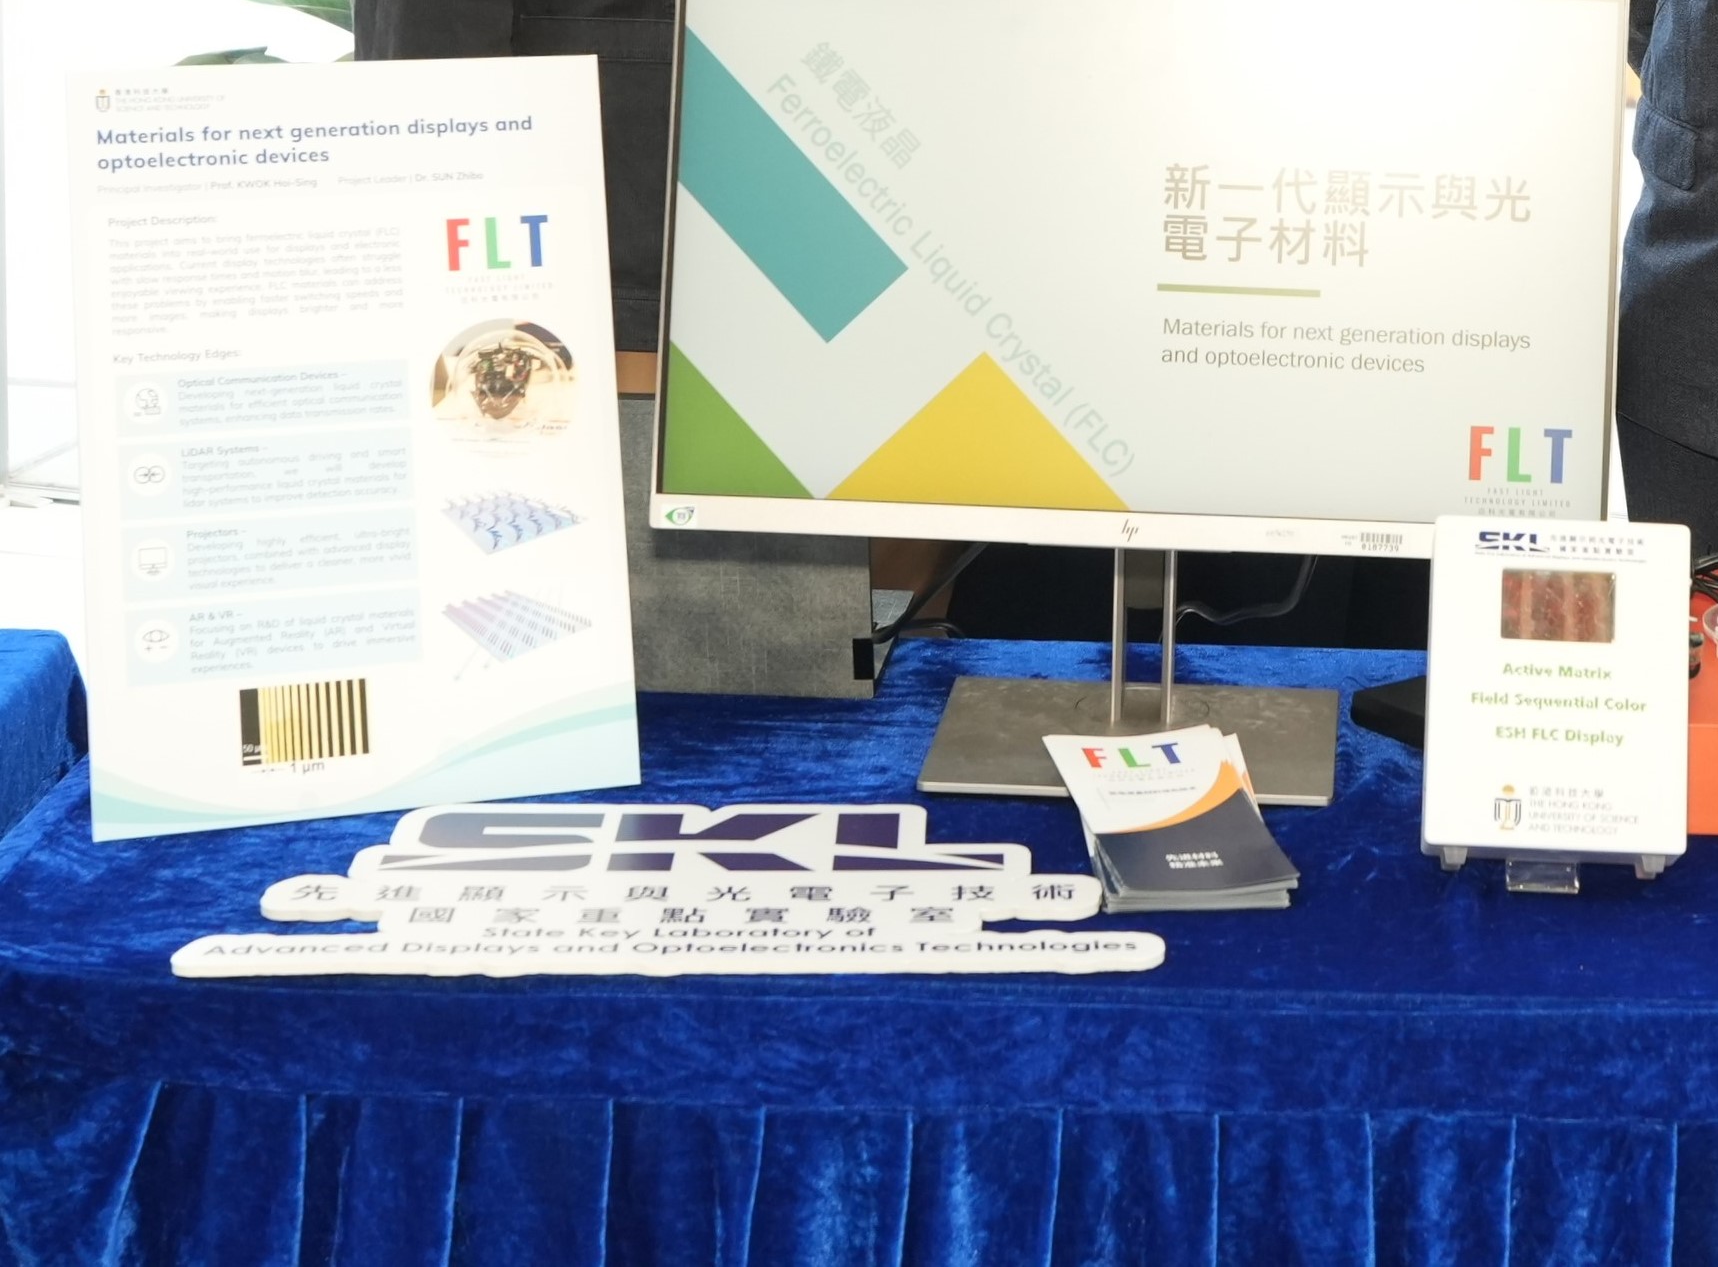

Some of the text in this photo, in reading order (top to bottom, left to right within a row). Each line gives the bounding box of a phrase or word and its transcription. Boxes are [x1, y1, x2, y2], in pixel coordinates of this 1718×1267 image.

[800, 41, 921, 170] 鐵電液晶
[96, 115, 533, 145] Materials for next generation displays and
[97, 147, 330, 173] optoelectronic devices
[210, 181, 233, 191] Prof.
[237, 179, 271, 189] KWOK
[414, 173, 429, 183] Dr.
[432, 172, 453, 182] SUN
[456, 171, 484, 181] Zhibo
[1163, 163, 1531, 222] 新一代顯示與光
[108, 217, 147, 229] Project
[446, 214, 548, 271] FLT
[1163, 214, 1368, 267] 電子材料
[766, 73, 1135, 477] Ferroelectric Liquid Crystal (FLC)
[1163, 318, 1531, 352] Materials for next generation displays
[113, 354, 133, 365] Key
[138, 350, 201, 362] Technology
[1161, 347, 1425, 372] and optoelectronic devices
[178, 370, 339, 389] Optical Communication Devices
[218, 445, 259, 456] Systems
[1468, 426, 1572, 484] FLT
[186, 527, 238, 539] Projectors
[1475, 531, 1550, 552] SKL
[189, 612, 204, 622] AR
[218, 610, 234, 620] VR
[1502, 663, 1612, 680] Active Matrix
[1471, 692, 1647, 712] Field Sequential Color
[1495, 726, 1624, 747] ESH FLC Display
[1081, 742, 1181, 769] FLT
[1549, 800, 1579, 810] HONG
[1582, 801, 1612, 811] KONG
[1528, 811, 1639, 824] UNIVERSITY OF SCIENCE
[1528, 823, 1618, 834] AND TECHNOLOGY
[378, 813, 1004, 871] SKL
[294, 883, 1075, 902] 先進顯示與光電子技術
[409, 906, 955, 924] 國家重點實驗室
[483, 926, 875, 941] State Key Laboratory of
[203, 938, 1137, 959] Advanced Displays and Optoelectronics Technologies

§ **TASK INSTRUCTIONS**: For this exercise, restate the material exactly and skip every picture.

§ **OUTPUT OF THE EXERCISE**:
Some of the text in this photo, in reading order (top to bottom, left to right within a row). Each line gives the bounding box of a phrase or word and its transcription. Boxes are [x1, y1, x2, y2], in pixel coordinates of this 1718×1267 image.

[800, 41, 921, 170] 鐵電液晶
[96, 115, 533, 145] Materials for next generation displays and
[97, 147, 330, 173] optoelectronic devices
[210, 181, 233, 191] Prof.
[237, 179, 271, 189] KWOK
[414, 173, 429, 183] Dr.
[432, 172, 453, 182] SUN
[456, 171, 484, 181] Zhibo
[1163, 163, 1531, 222] 新一代顯示與光
[108, 217, 147, 229] Project
[446, 214, 548, 271] FLT
[1163, 214, 1368, 267] 電子材料
[766, 73, 1135, 477] Ferroelectric Liquid Crystal (FLC)
[1163, 318, 1531, 352] Materials for next generation displays
[113, 354, 133, 365] Key
[138, 350, 201, 362] Technology
[1161, 347, 1425, 372] and optoelectronic devices
[178, 370, 339, 389] Optical Communication Devices
[218, 445, 259, 456] Systems
[1468, 426, 1572, 484] FLT
[186, 527, 238, 539] Projectors
[1475, 531, 1550, 552] SKL
[189, 612, 204, 622] AR
[218, 610, 234, 620] VR
[1502, 663, 1612, 680] Active Matrix
[1471, 692, 1647, 712] Field Sequential Color
[1495, 726, 1624, 747] ESH FLC Display
[1081, 742, 1181, 769] FLT
[1549, 800, 1579, 810] HONG
[1582, 801, 1612, 811] KONG
[1528, 811, 1639, 824] UNIVERSITY OF SCIENCE
[1528, 823, 1618, 834] AND TECHNOLOGY
[378, 813, 1004, 871] SKL
[294, 883, 1075, 902] 先進顯示與光電子技術
[409, 906, 955, 924] 國家重點實驗室
[483, 926, 875, 941] State Key Laboratory of
[203, 938, 1137, 959] Advanced Displays and Optoelectronics Technologies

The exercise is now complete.